Neil Gaiman’s Stardust meets John Green’s The Fault in Our Stars in this fantasy about a girl caught between two worlds… two races…and two destinies.
Aza Ray is drowning in thin air.
Since she was a baby, Aza has suffered from a mysterious lung disease that makes it ever harder for her to breathe, to speak—to live.
So when Aza catches a glimpse of a ship in the sky, her family chalks it up to a cruel side effect of her medication. But Aza doesn’t think this is a hallucination. She can hear someone on the ship calling her name.
Only her best friend, Jason, listens. Jason, who’s always been there. Jason, for whom she might have more-than-friendly feelings. But before Aza can consider that thrilling idea, something goes terribly wrong. Aza is lost to our world—and found, by another. Magonia.
Above the clouds, in a land of trading ships, Aza is not the weak and dying thing she was. In Magonia, she can breathe for the first time. Better, she has immense power—and as she navigates her new life, she discovers that war is coming. Magonia and Earth are on the cusp of a reckoning. And in Aza’s hands lies the fate of the whole of humanity—including the boy who loves her. Where do her loyalties lie?
I had mixed feelings about reading this one, but when Kara from Great Imaginations read it and loved it, I thought I needed to give it a try. Her tastes usually align to be pretty similar to me, and I was already intrigued….
I read it.
This one really surprised me. It wasn’t something that I normally would’ve read, but oddly it worked for me. The sick lit part was handled quite well. And I don’t get sick lit. It usually seems really gimmicky to me. But it wasn’t that gimmicky here.
Yes, the disease was Aza’s life and in a way it’s about her dying, but it wasn’t a stereotypical. OMG she’s dying book. Well, for the most part. I mean, Aza kept living even though technically she was dying. I feel like a lot of times with sick lit books the book becomes overwhelmed with the disease. Not so much here. The Sick Lit part really focused on relationship and they weren’t cringe worthy like Nicholas Sparks books or John Green books*
Once the fantasy comes to play (yes, I said fantasy because this book is half sick lit half fantasy) things get insane.
And even as I’m writing this, I’m not sure how I feel about it.
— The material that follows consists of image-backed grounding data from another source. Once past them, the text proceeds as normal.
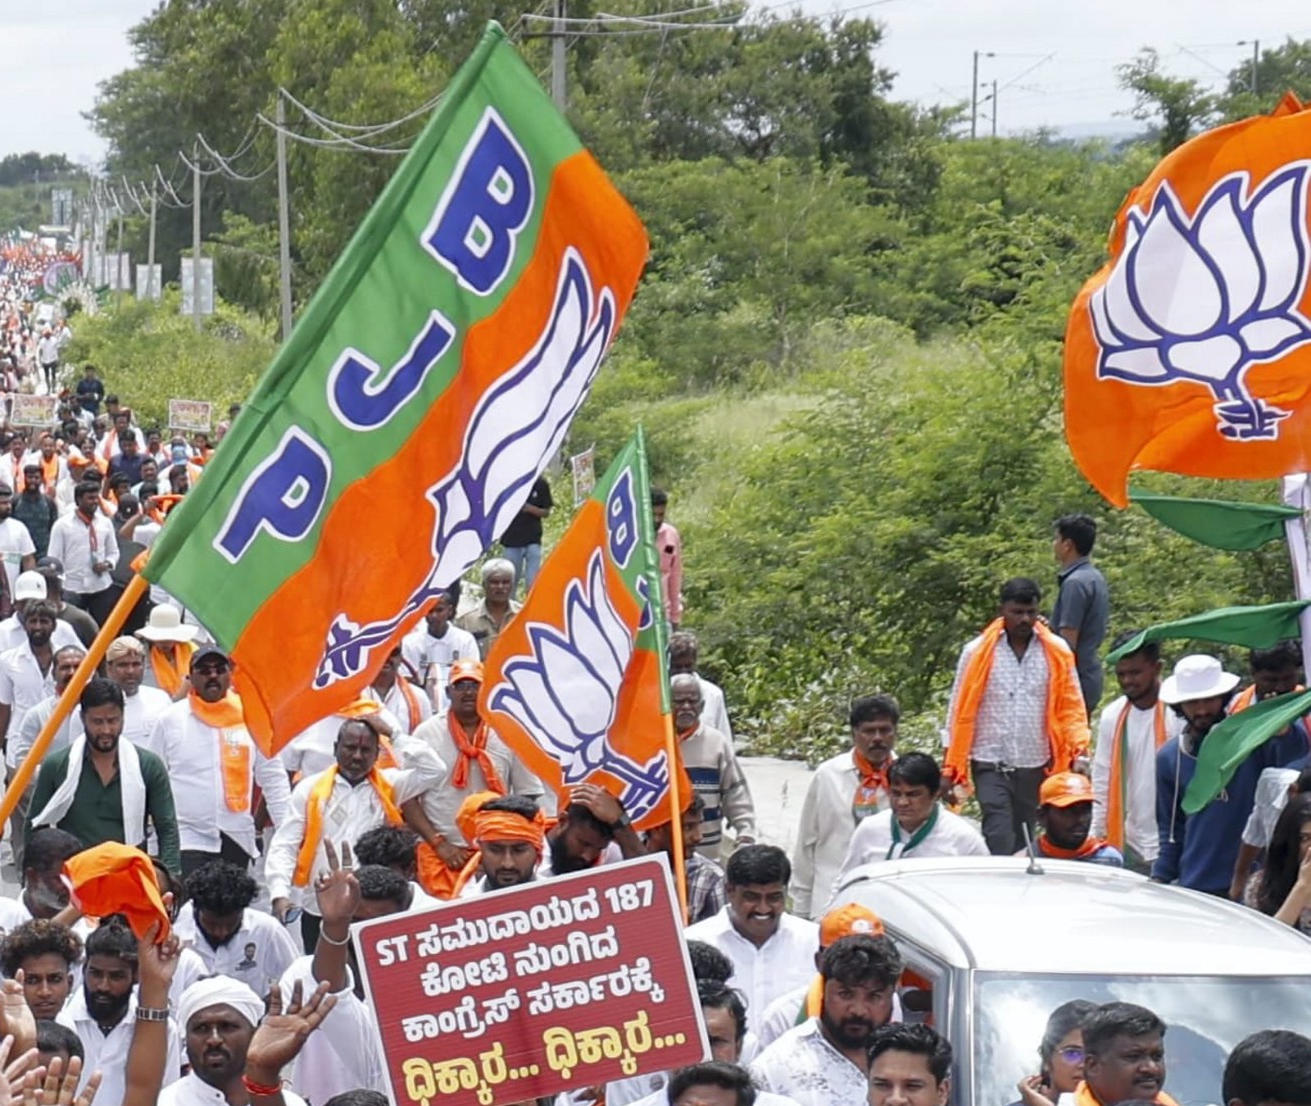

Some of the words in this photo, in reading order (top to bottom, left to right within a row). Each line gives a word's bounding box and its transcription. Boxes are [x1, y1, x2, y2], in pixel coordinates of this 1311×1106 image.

[212, 105, 534, 564] BJP
[376, 935, 408, 966] ST
[415, 887, 601, 958] ಸಮುದಾಯದ
[604, 879, 655, 914] 187
[420, 950, 508, 998] ಕೋಟಿ
[514, 926, 619, 977] ನುಂಗಿದ
[402, 987, 521, 1043] ಕಾಂಗ್ರೆಸ್
[528, 956, 665, 1016] ಸರ್ಕಾರಕ್ಕೆ
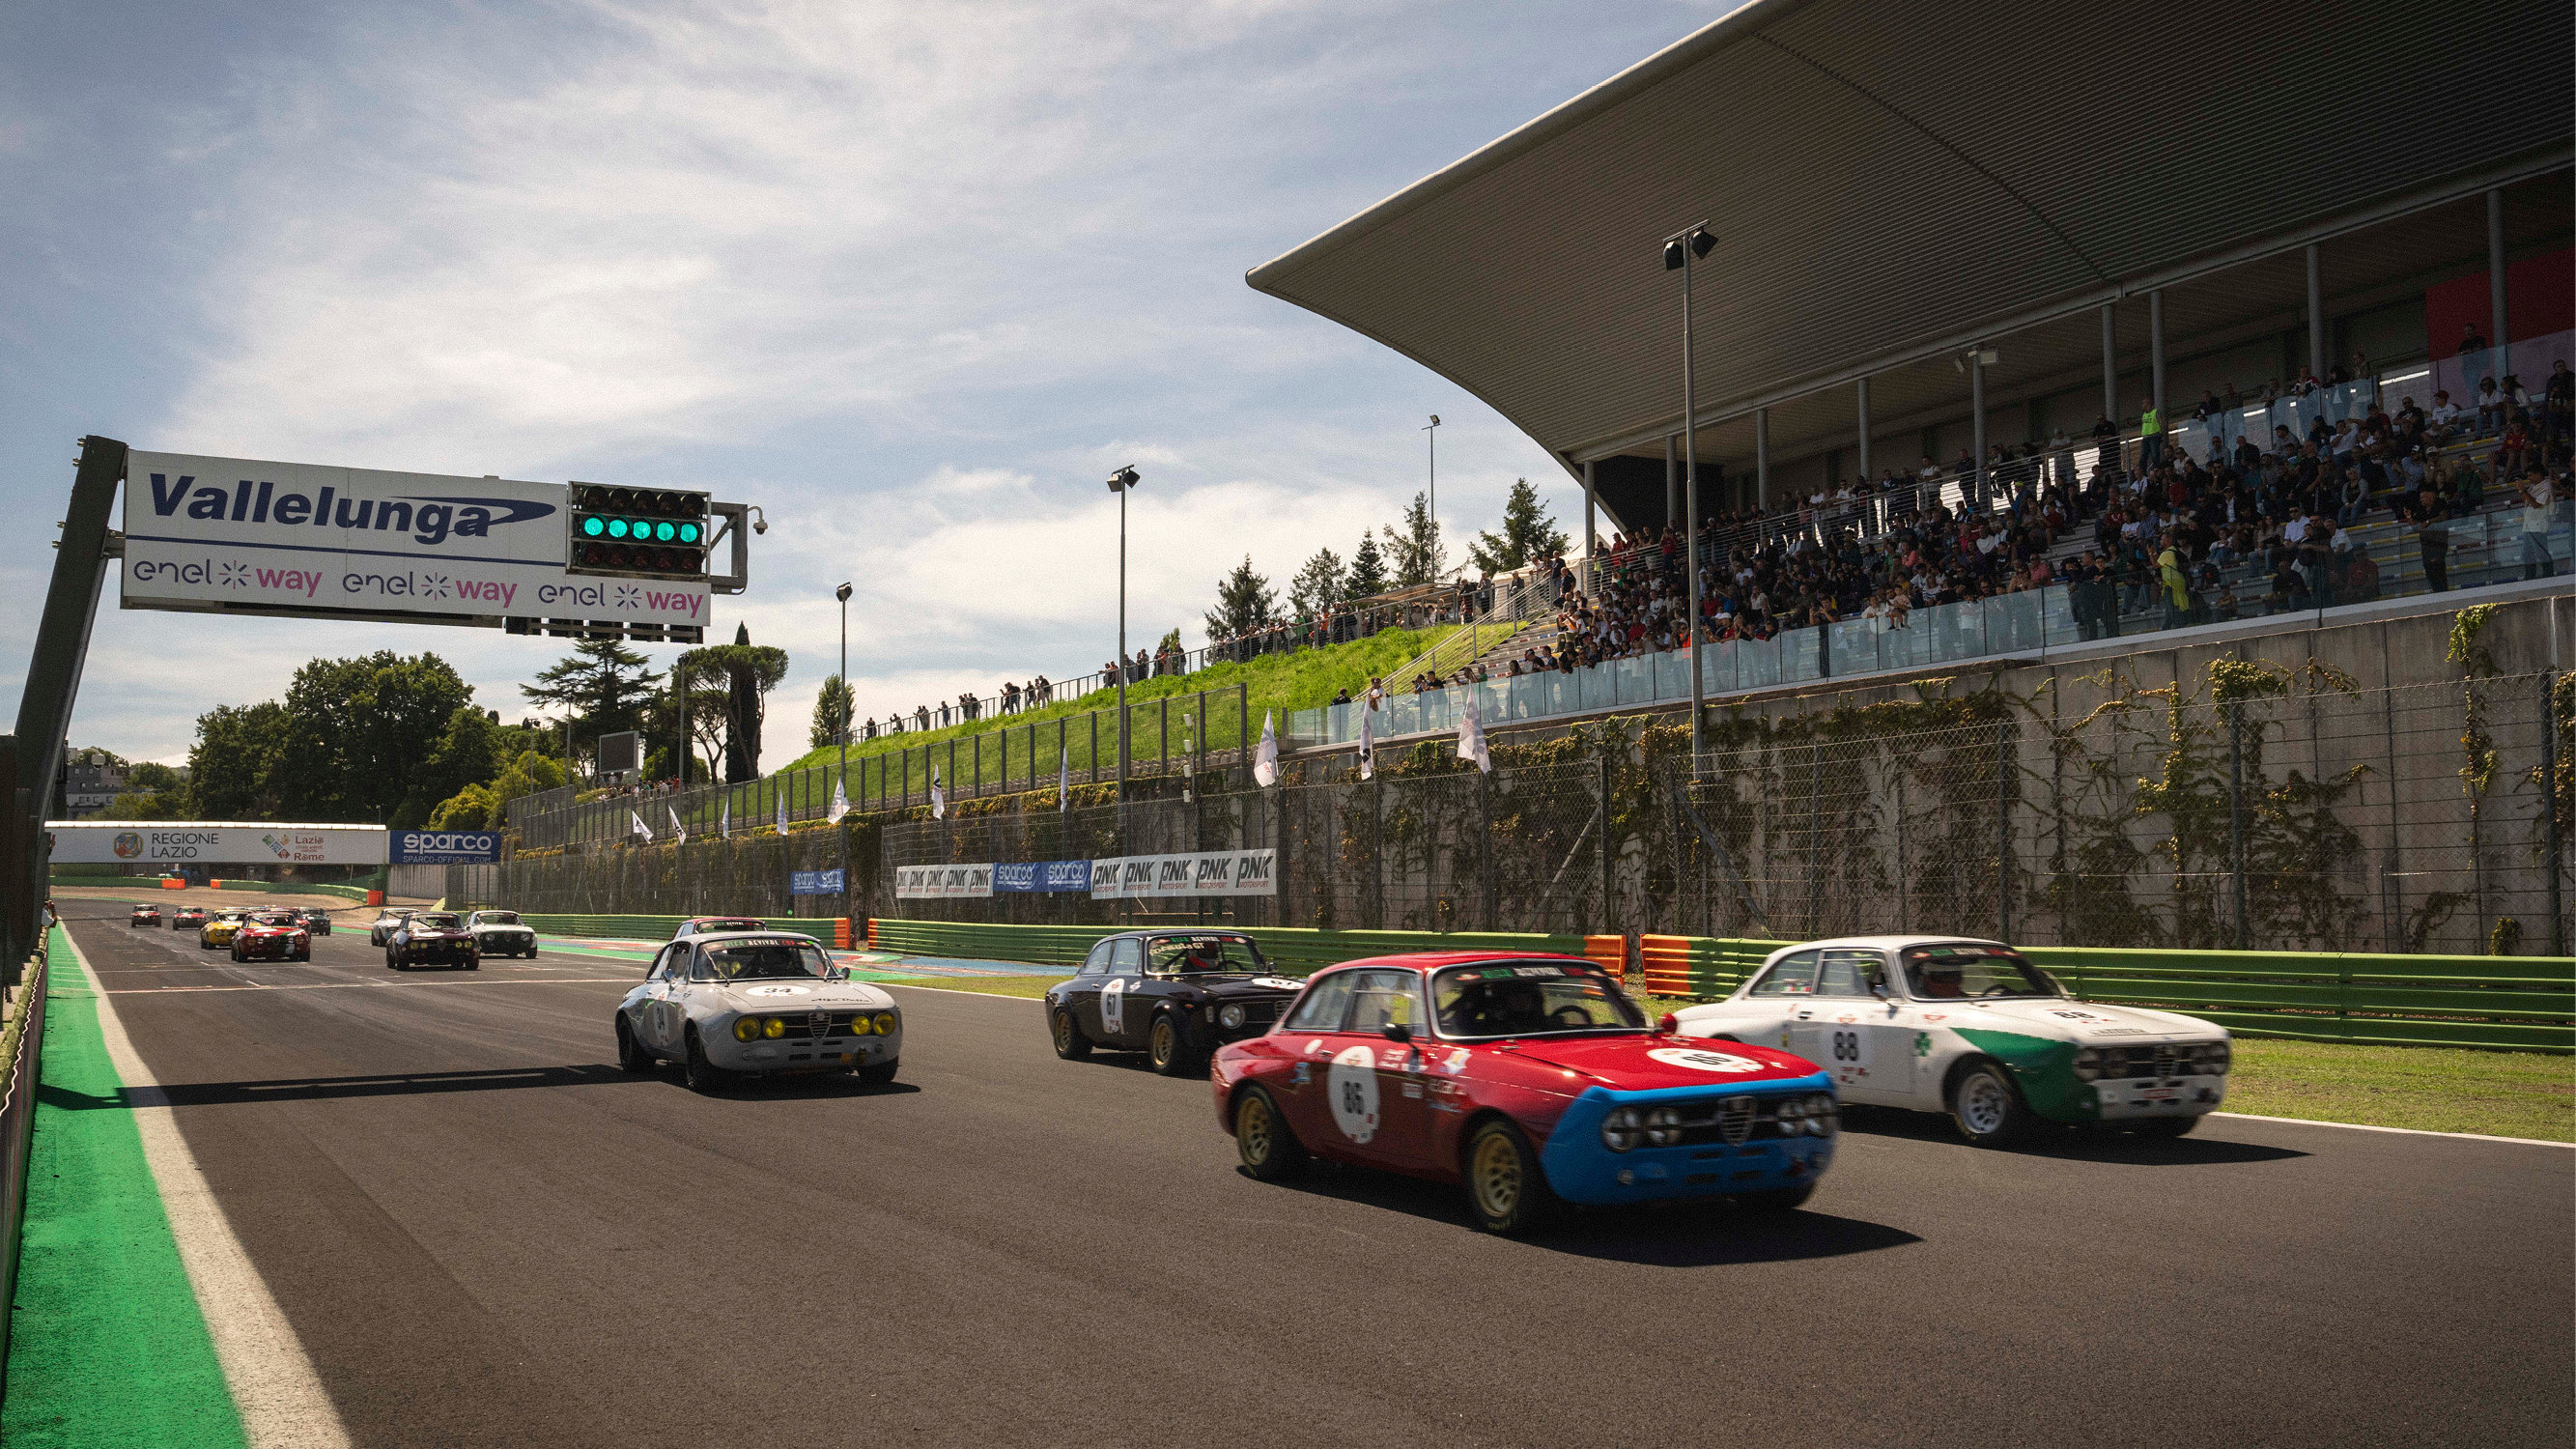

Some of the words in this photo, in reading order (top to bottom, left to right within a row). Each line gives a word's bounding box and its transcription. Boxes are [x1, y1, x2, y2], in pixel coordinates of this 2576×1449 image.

The world building is completely unique AND bizarre. I would almost say there’s a magical realism vibe about it (especially with those bird scenes at the end of part one), BUT it’s not magical realism. It’s more or less if Ancient Aliens meet Thunder Cats but instead of being cat anamorphic people the Thunder Cats were bird people. Oh, and add some pirates and cloud whales while you’re at it.
Yeah, that insane.
And hard to comprehend, but it sort of works.
It’s like a really good first attempt at an insanely hard dessert to make and there’s just one little thing or two that are off with said dessert.
And I just don’t know if I’m going to give the book praise for trying or scorn for messing up.
I’m being generous and giving praise though, because what Headley was trying to do was extremely difficult to do.
While parts of the world building were half baked, the book was grounded in it’s dual narration. By having a world not collected to the crazy bird alien world, the book still was grounded in reality.
I also really liked how different the two narrators were. Jason truly has his own voice as well as Azra.
I do think Magonia was good with faults. If you want a genre bending story, or a story that’s something original give it a try.
Overall Rating: A solid B+..
*This is taken from word of mouth. I refuse to read Green’s books based on the fact he has a foot eating habit. You’d think he’d learn by now that putting your foot in your mouth makes for some nasty digestion but whatevs.